Ho sempre pensato questo. Ma sbagliavo, perché non sono ne' un economista ne' un politico.

Ma il ricco paga più imposte indirette del povero, perché ha accesso ai generi di lusso, uno dei più grandi fattori di redistribuzione.
Poi il ricco compra il superfluo, altro fattore di redistribuzione.
Alcuni ricchi finiscono per sentirsi in colpa, non molti, e rinunciano a parte dei loro averi per finanziare opere caritatevoli o per mecenatismo.

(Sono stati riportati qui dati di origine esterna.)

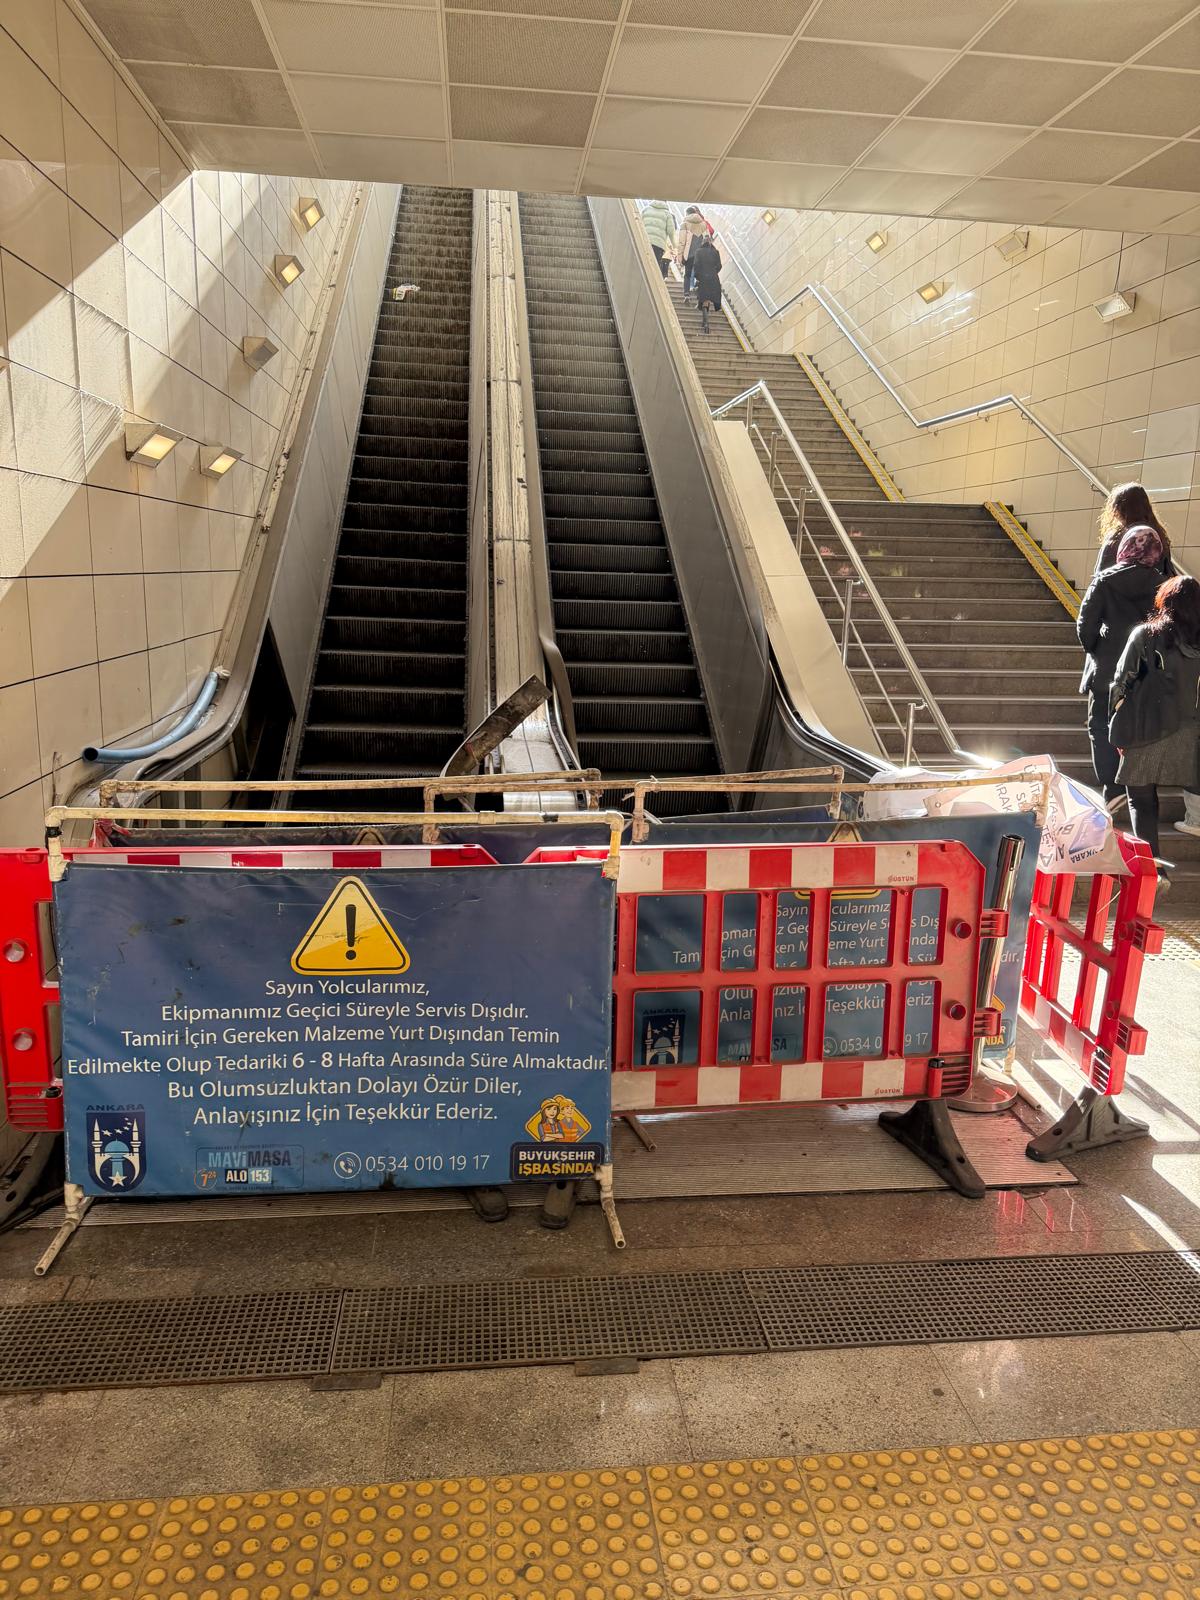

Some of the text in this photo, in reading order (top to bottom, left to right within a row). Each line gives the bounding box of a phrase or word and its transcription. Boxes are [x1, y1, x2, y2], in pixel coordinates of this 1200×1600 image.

[831, 902, 890, 915] cularımız
[830, 919, 877, 935] Süreyle
[721, 947, 739, 962] çin
[860, 937, 885, 949] Yurt
[265, 979, 430, 998] Sayın Yolcularımız,
[906, 993, 934, 1006] eriz.
[162, 1001, 529, 1024] Ekipmanımız Geçici Süreyle Servis Dışıdır.
[121, 1025, 560, 1049] Tamiri İçin Gereken Malzeme Yurt Dışından Temin
[840, 1037, 870, 1052] 0534
[915, 1032, 928, 1046] 17
[67, 1057, 161, 1075] Edilmekte
[166, 1056, 212, 1075] Olup
[216, 1053, 288, 1070] Tedariki
[292, 1052, 304, 1068] 6
[321, 1051, 333, 1068] 8
[338, 1051, 385, 1068] Hafta
[390, 1051, 465, 1068] Arasında
[470, 1052, 508, 1068] Süre
[512, 1053, 608, 1070] Almaktadır.
[168, 1073, 522, 1098] Bu Olumsuzluktan Dolayı Özür Diler,
[86, 1103, 145, 1112] ANKARA
[193, 1101, 498, 1128] Anlayışınız İçin Teşekkür Ederiz.
[248, 1149, 292, 1167] MASA
[365, 1154, 489, 1172] 0534 010 19 17
[226, 1169, 270, 1182] ALO 153
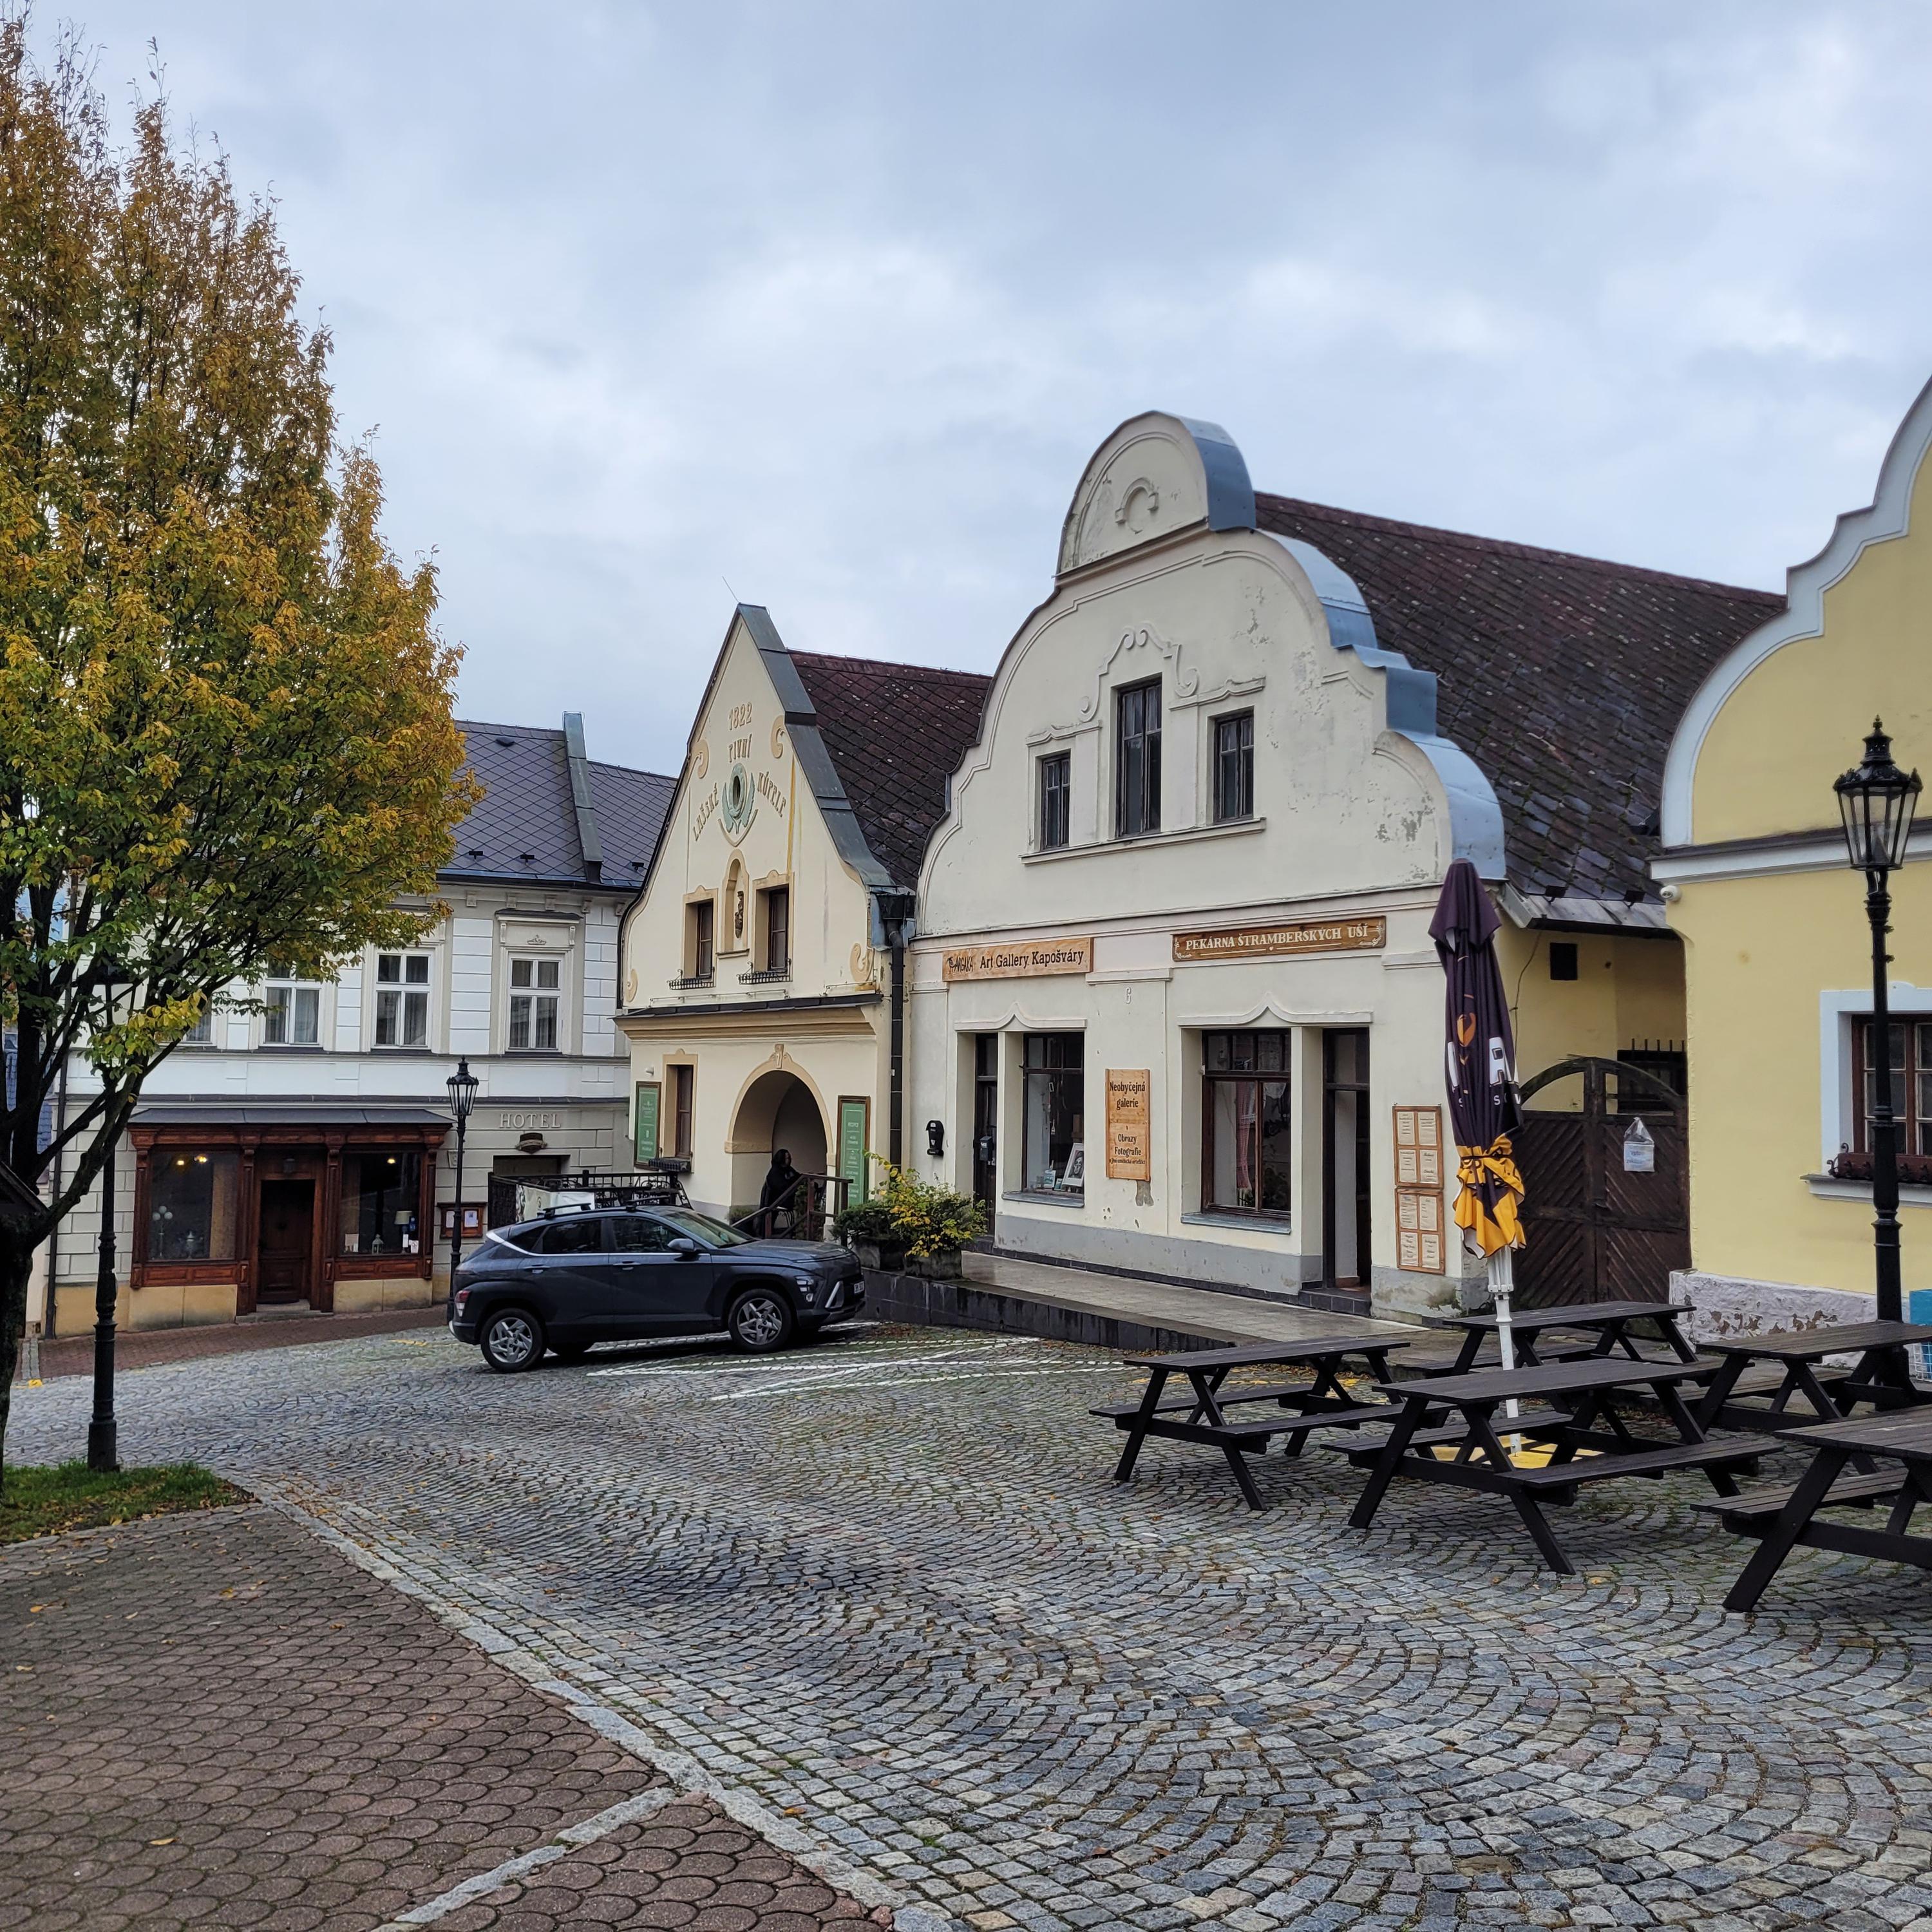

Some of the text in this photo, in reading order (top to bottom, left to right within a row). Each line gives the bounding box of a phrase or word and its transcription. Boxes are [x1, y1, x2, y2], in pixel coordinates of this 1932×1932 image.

Infine lo Stato può svolgere un ruolo attivo nella redistribuzione dei redditi, facendo il suo normale lavoro, spendendo soldi per il welfare e per le infrastrutture, che con i moltiplicatori arricchiscono il Paese e migliorano le opportunità per i poveri.

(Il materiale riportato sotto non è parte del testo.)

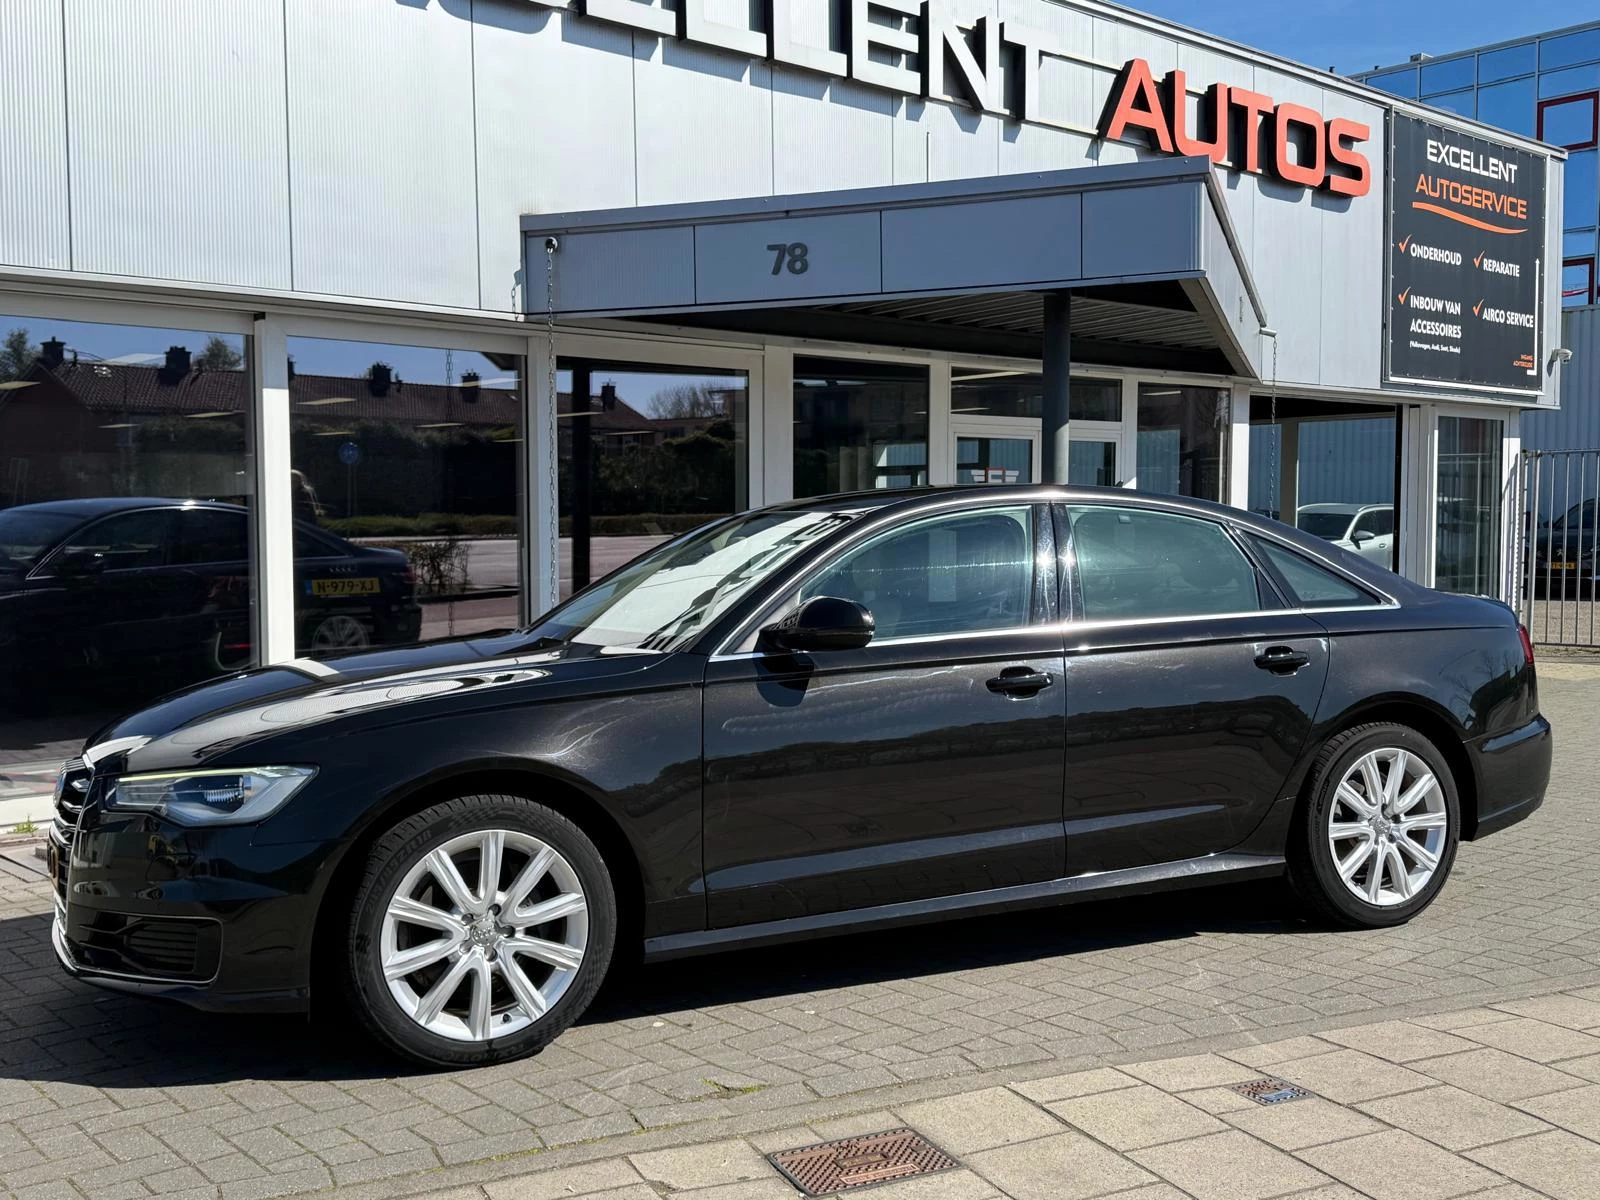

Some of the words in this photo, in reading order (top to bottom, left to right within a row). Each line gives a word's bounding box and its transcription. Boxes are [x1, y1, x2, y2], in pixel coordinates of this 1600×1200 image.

[1106, 58, 1371, 197] AUTOS
[1427, 139, 1517, 183] EXCELLENT
[1415, 173, 1528, 220] AUTOSERVICE
[767, 242, 809, 276] 78
[1410, 243, 1462, 266] ONDERHOUD
[1483, 258, 1520, 278] REPARATIE
[1410, 294, 1444, 312] INBOUW
[1445, 301, 1461, 316] VAN
[1410, 318, 1462, 339] ACCESSOIRES
[1482, 307, 1505, 324] AIRCO
[1506, 311, 1534, 328] SERVICE

E per gli ultimi, quelli inabili al lavoro o incapaci di iniziative imprenditoriali, può spendere soldi pubblici per le politiche assistenziali, che non sono immorali, ma garantiscono la sopravvivenza agli ultimi e, sempre per i moltiplicatori, danno ulteriore impulso all'economia.

Questi sani meccanismi possono essere disattivati da una sola cosa, il pericolo pubblico #1: la Corruzione.